With backing from market leaders and Hyperscalers, ESUN reshapes our outlook. We forecast UALink/PCIe-based switches as a minor, but growing slice, as others pivot to Ethernet. Overall, scale-up switching revenue hits over $30B by 2030, with optics (including CPO for tighter integration) adding $10B+, enabling denser racks and lower TCO. We forecast PCIe/UALink at $3B+, Ethernet at $8B+, and NVLink at $25B+ by 2030.
Ethernet Becomes a Major Part of All AI Networks
Ethernet already rules front-end networks (traditional cloud fabrics), is set to become the majority AI backend scale-out, and will become a significant portion of scale-up. This trifecta underscores Ethernet’s versatility, from pluggable to co-packaged optics, across all AI layers.
Implications for Startups and New Entrants
What does this mean for startups or new business units eyeing scale-out and scale-up Ethernet networking? It means that there is plenty of market opportunity and a $200B/year networking TAM. However, with Broadcom and now NVIDIA as the Ethernet switching silicon incumbents, any Ethernet networking challenger will need to bring significant value to compete for the large clusters or find a narrower swim lane.

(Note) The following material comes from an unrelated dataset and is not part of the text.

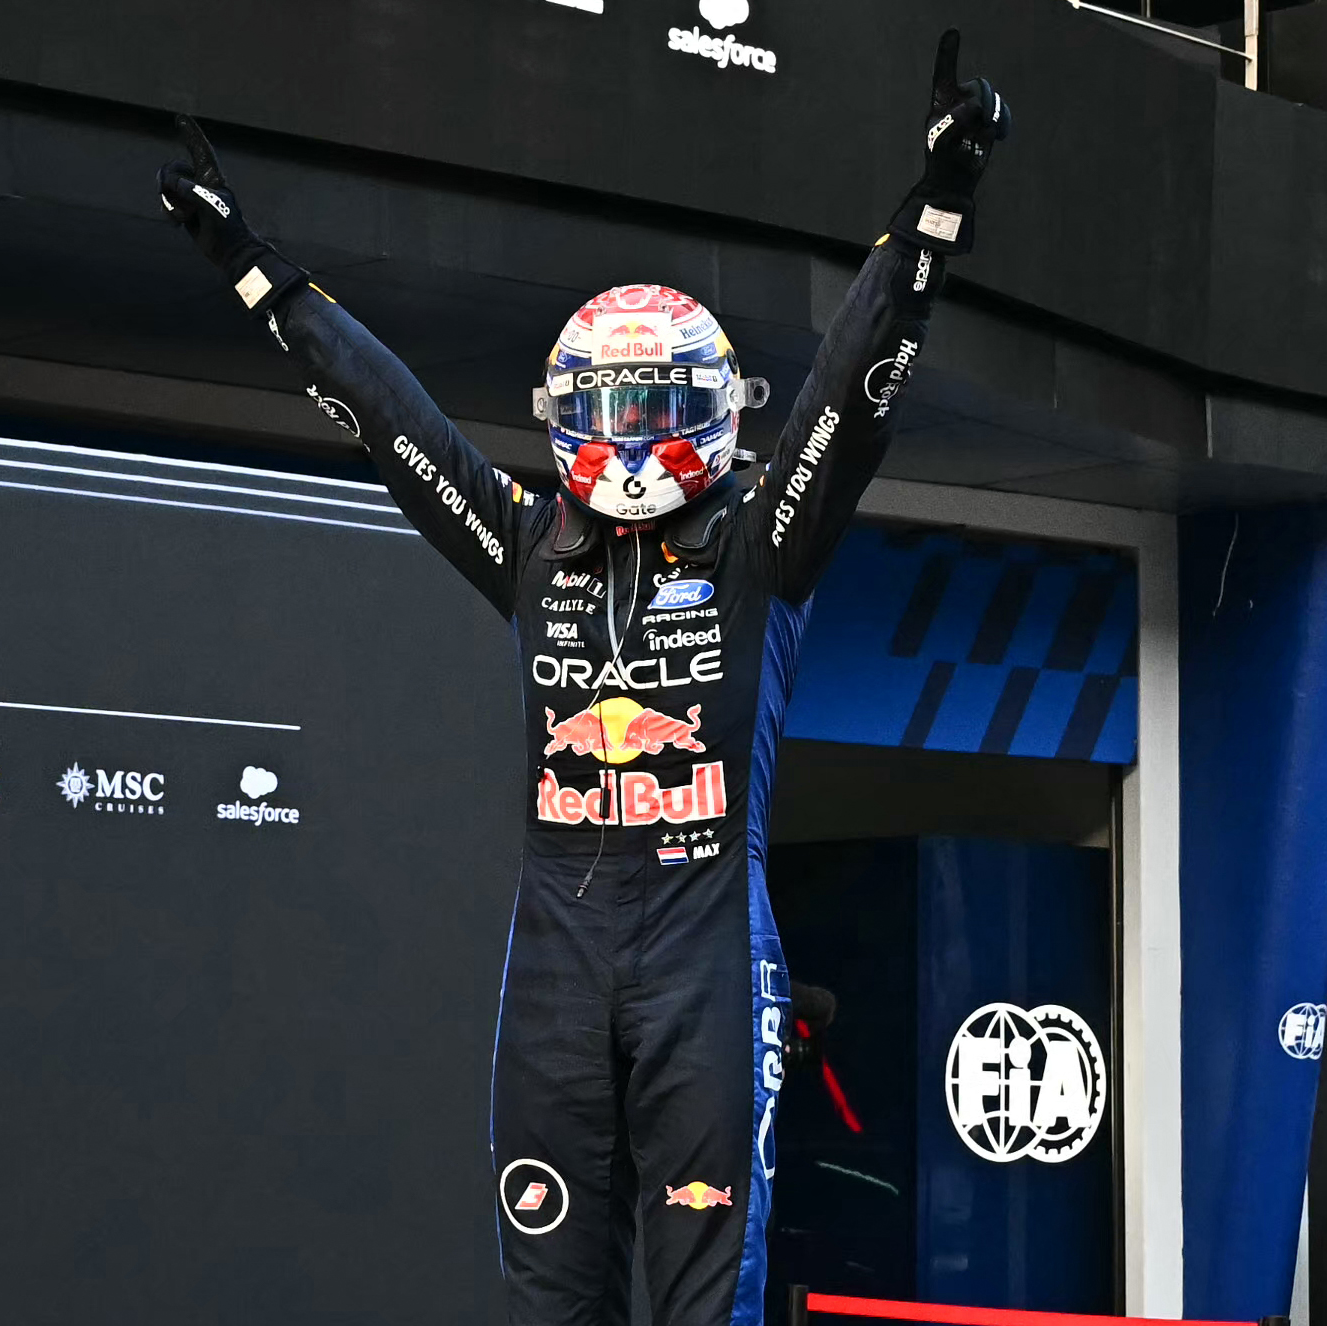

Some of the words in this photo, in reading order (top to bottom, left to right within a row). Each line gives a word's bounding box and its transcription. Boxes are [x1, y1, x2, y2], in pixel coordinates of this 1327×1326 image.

In today’s AI frenzy, hyperscalers and Neoclouds will help shape the future of these startups, reducing risks that we saw in the previous generation of new entrants. In our view, startups will need to significantly leap ahead in radix with new packaging approaches or to deliver other compelling TCO and performance gains. For example, significant CPO technology breakthroughs are required in order to compete with the incumbents for large clusters of scale-up, scale-out, and even front-end networks. There has to be enough value delivered for large cloud providers to take the risk of onboarding a new player.
Conclusion
Ethernet’s ascent in AI networking is a market inevitability, blending standards, scale, and innovation. For vendors, the message is clear: innovate boldly and the rewards are there. The market is headed to $200B, and there is an incredible opportunity for startups that can deliver value for hyperscalers and neoclouds.